(Data entries)
****************************************
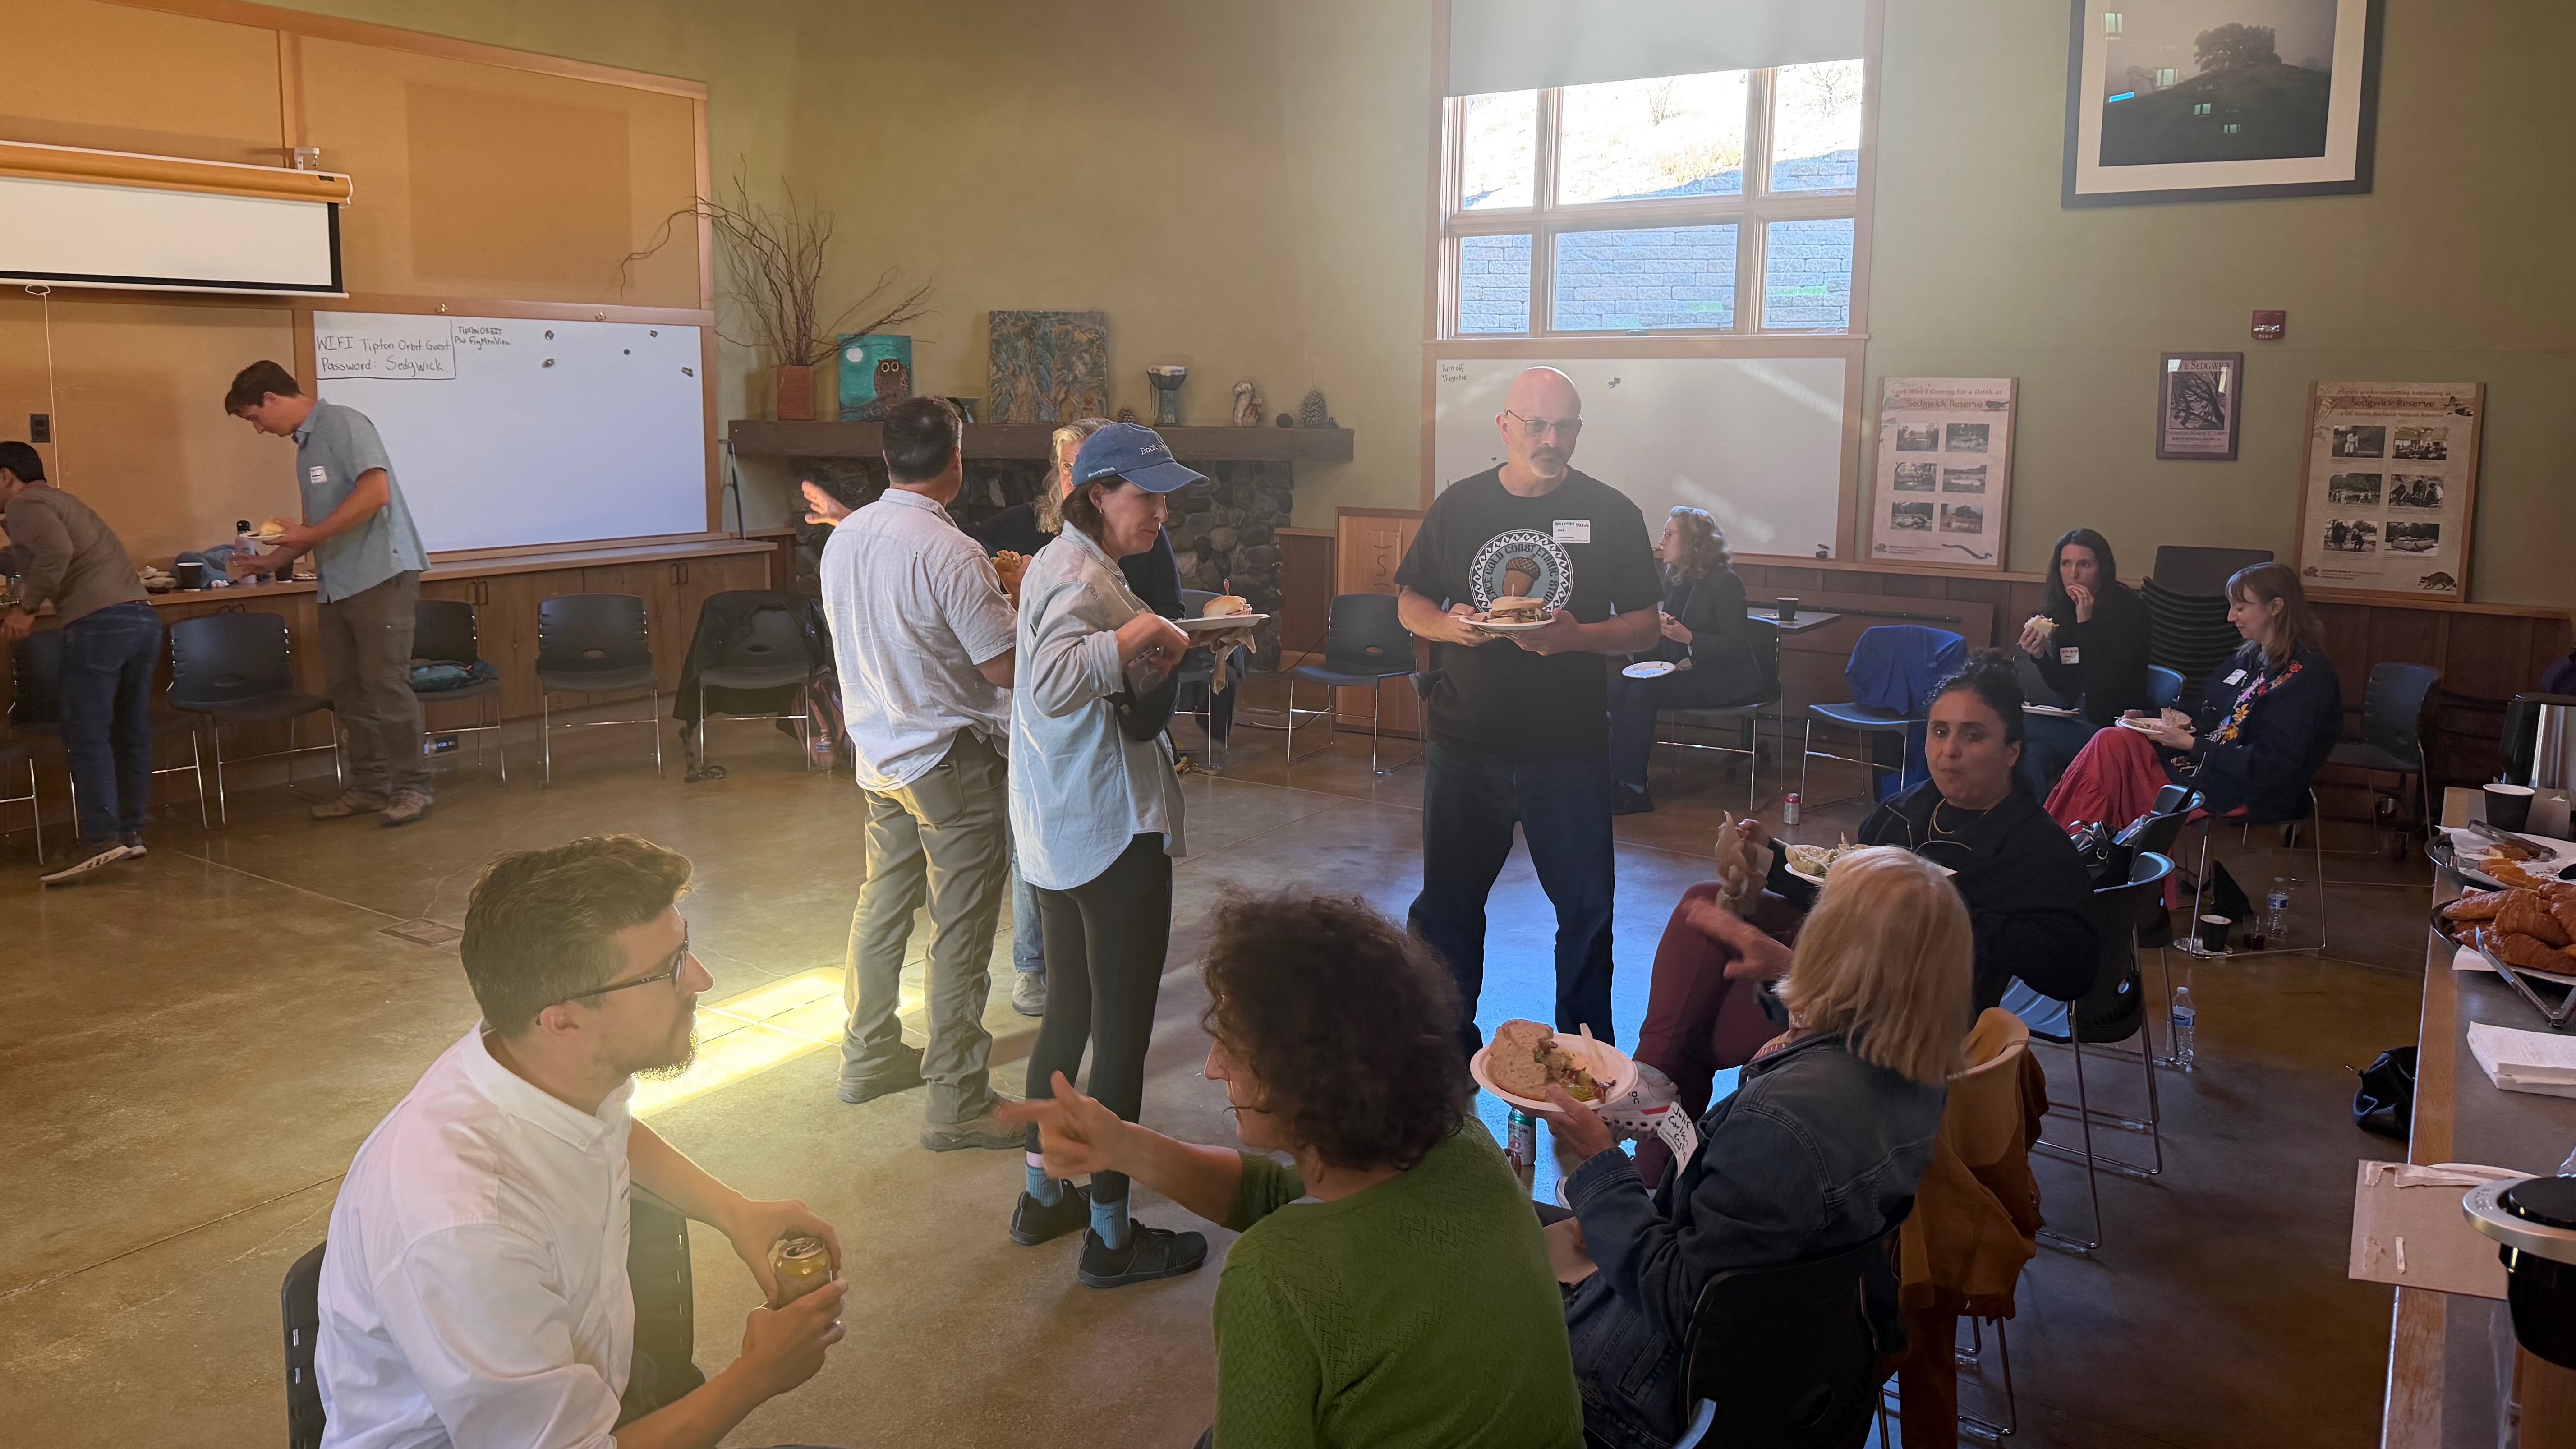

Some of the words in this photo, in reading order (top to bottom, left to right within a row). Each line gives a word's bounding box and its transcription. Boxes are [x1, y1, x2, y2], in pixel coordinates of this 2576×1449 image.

[317, 336, 354, 350] WIFI
[359, 339, 394, 354] Tipton
[398, 340, 423, 351] Orbit
[426, 340, 451, 351] Guest
[386, 355, 444, 377] Sedgwick
[1456, 363, 1465, 372] off
[1908, 400, 1946, 409] Sedgwick
[1950, 400, 1984, 408] Reserve
[2352, 398, 2394, 408] Sedgwick
[2397, 399, 2435, 408] Reserve
[1140, 443, 1158, 455] Book
[1485, 552, 1504, 575] GOLD
[1505, 543, 1537, 555] COAST
[1535, 547, 1558, 577] ETHNIC
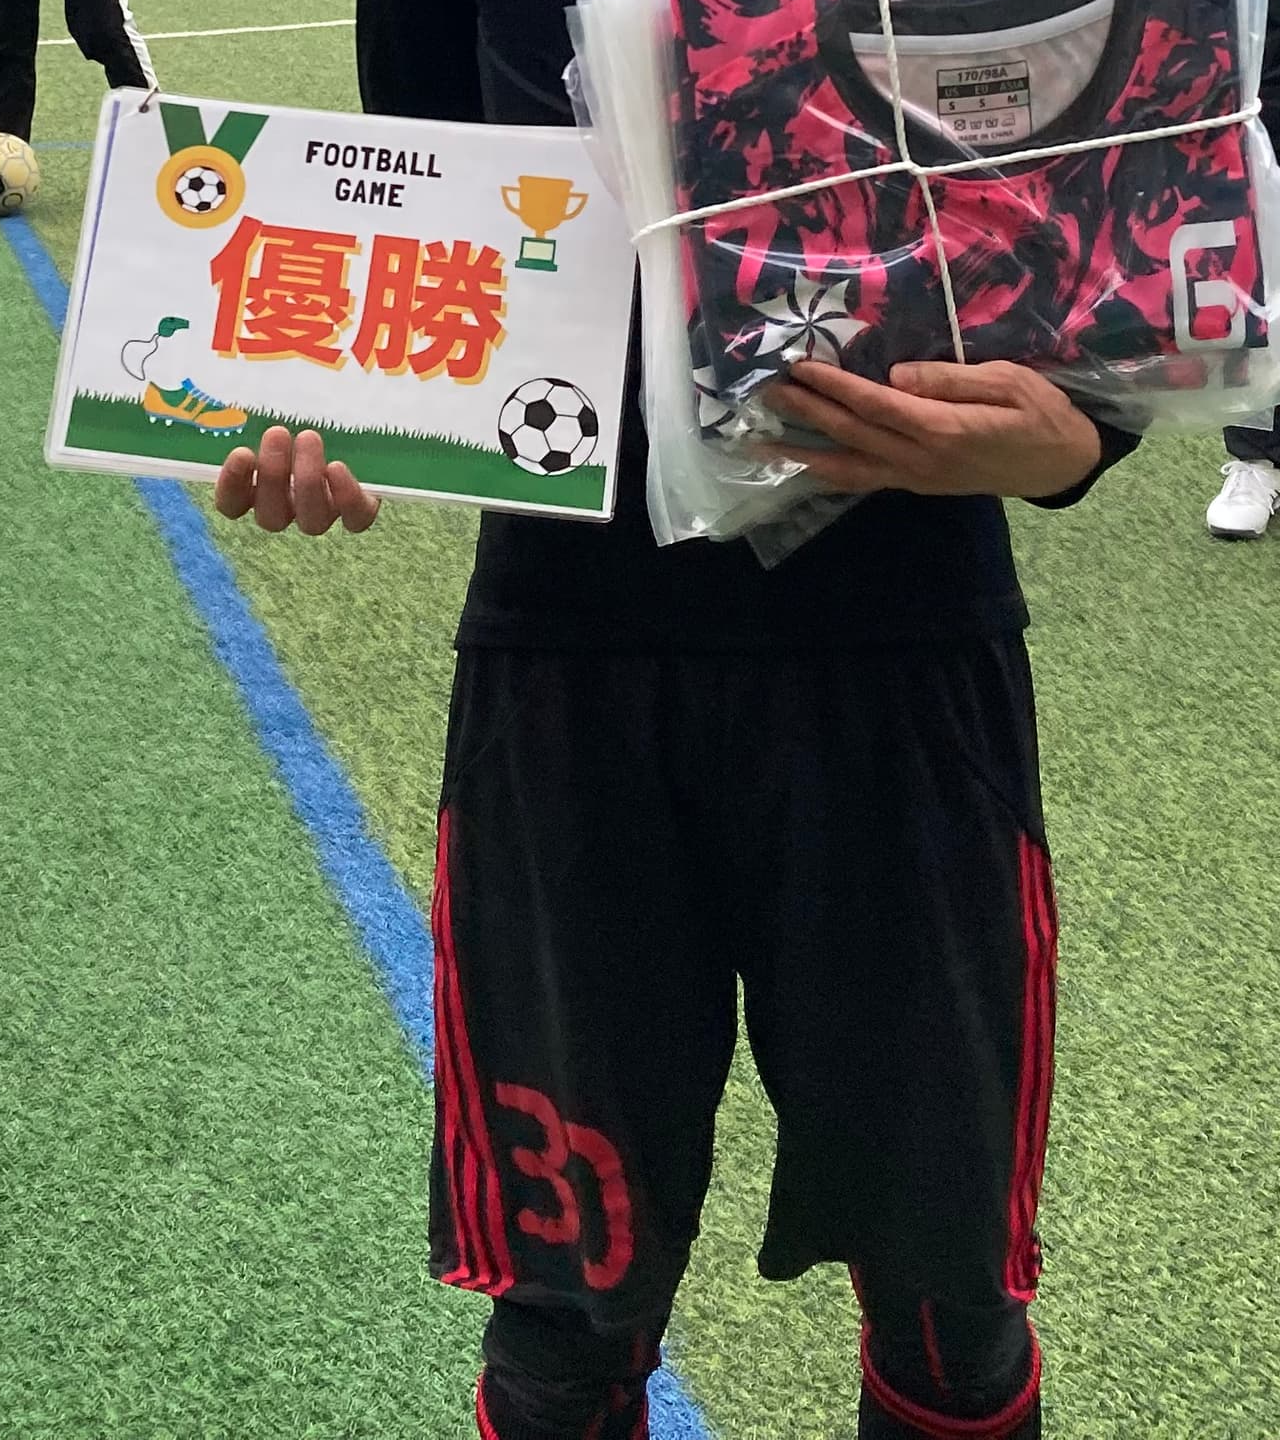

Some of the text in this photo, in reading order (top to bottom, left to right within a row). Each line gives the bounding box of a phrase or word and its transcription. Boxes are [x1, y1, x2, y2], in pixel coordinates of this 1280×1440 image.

[957, 66, 1009, 82] 170/98A
[944, 78, 1025, 97] US EU ASIA
[948, 94, 1018, 111] S S M
[991, 129, 1014, 139] CHINA
[305, 140, 442, 178] FOOTBALL
[335, 178, 405, 208] GAME
[209, 215, 509, 385] 優勝
****************************************
DIRECTIONS:
When the line containing "Some of the text" is found in the records above, restate it and every later line word for word through the last one, and nothing more.

WRITTEN ANSWER:
Some of the text in this photo, in reading order (top to bottom, left to right within a row). Each line gives the bounding box of a phrase or word and its transcription. Boxes are [x1, y1, x2, y2], in pixel coordinates of this 1280×1440 image.

[957, 66, 1009, 82] 170/98A
[944, 78, 1025, 97] US EU ASIA
[948, 94, 1018, 111] S S M
[991, 129, 1014, 139] CHINA
[305, 140, 442, 178] FOOTBALL
[335, 178, 405, 208] GAME
[209, 215, 509, 385] 優勝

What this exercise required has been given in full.